Environment information
Running on Colab
$ pip freeze | grep trax
1.3.7
For bugs: reproduction and error logs
trax.fastmath.set_backend("tensorflow-numpy")
# define the output directory
output_dir = '/content/drive/MyDrive/Colab Notebooks/Transformer_FR_pretrained_336_Keras'
# define the training loop
training_loop = training.Loop(model,
train_task,
eval_tasks=[eval_task],
output_dir=output_dir)
# Run 1 step to adapt the backend
training_loop.run(1)
Step 1: Total number of trainable weights: 80370196 Step 1: Ran 1 train steps in 95.61 secs Step 1: train CrossEntropyLossWithLogSoftmax | 1.28223217 Step 1: eval CrossEntropyLossWithLogSoftmax | 1.65389895 Step 1: eval WeightedCategoryAccuracy | 0.67606580
ba_size = 1
# To convert the model to Keras, simply run:
keras_layer = trax.AsKeras(model, batch_size=ba_size)
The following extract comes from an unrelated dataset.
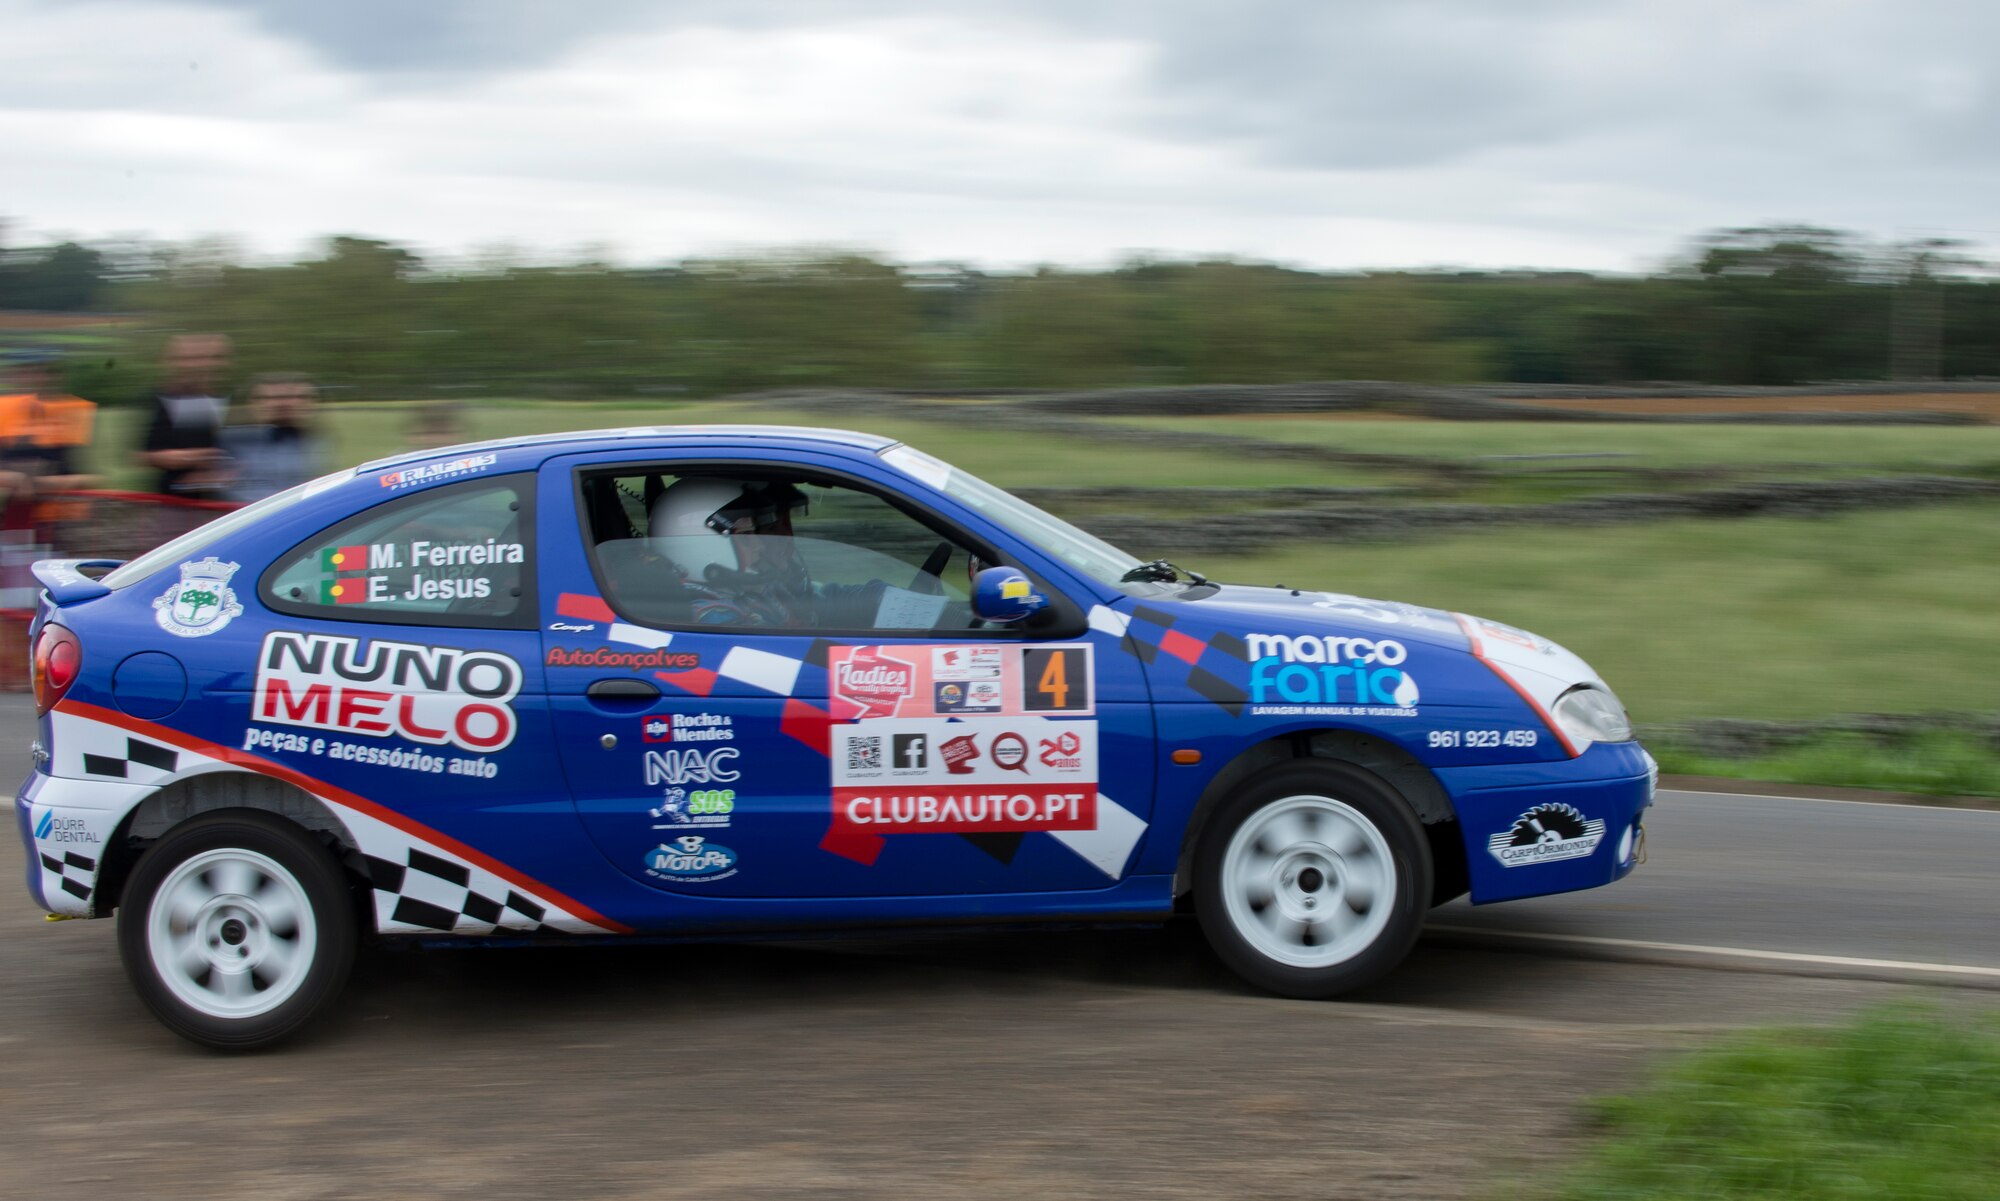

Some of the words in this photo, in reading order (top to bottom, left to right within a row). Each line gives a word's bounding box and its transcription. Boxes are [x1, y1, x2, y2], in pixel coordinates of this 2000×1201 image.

# This will be a trax.trax2keras.AsKeras object
print(keras_layer)
<trax.trax2keras.AsKeras object at 0x7fb99cb9aed0>
import tensorflow as tf
# Create a full Keras model using the layer you loaded from trax.
inputs = tf.keras.Input(shape=(ba_size,), dtype='int32')
# Use default Keras syntax to link an input to the layer
hidden = keras_layer(inputs)
# Get the outputs from the trax-loaded layer
outputs = hidden
# Finally, wrap everything with a Keras Model
keras_model = tf.keras.Model(inputs=inputs, outputs=outputs)
WARNING:tensorflow:Entity <bound method TracebackException.format of <traceback.TracebackException object at 0x7fb99c8ef810>> appears to be a generator function. It will not be converted by AutoGraph.
WARNING:tensorflow:Entity <bound method TracebackException.format of <traceback.TracebackException object at 0x7fb99c8ef810>> appears to be a generator function. It will not be converted by AutoGraph.
WARNING: Entity <bound method TracebackException.format of <traceback.TracebackException object at 0x7fb99c8ef810>> appears to be a generator function. It will not be converted by AutoGraph.
---------------------------------------------------------------------------
StagingError Traceback (most recent call last)
<ipython-input-37-205c4cd80595> in <module>()
4 inputs = tf.keras.Input(shape=(ba_size,), dtype='int32')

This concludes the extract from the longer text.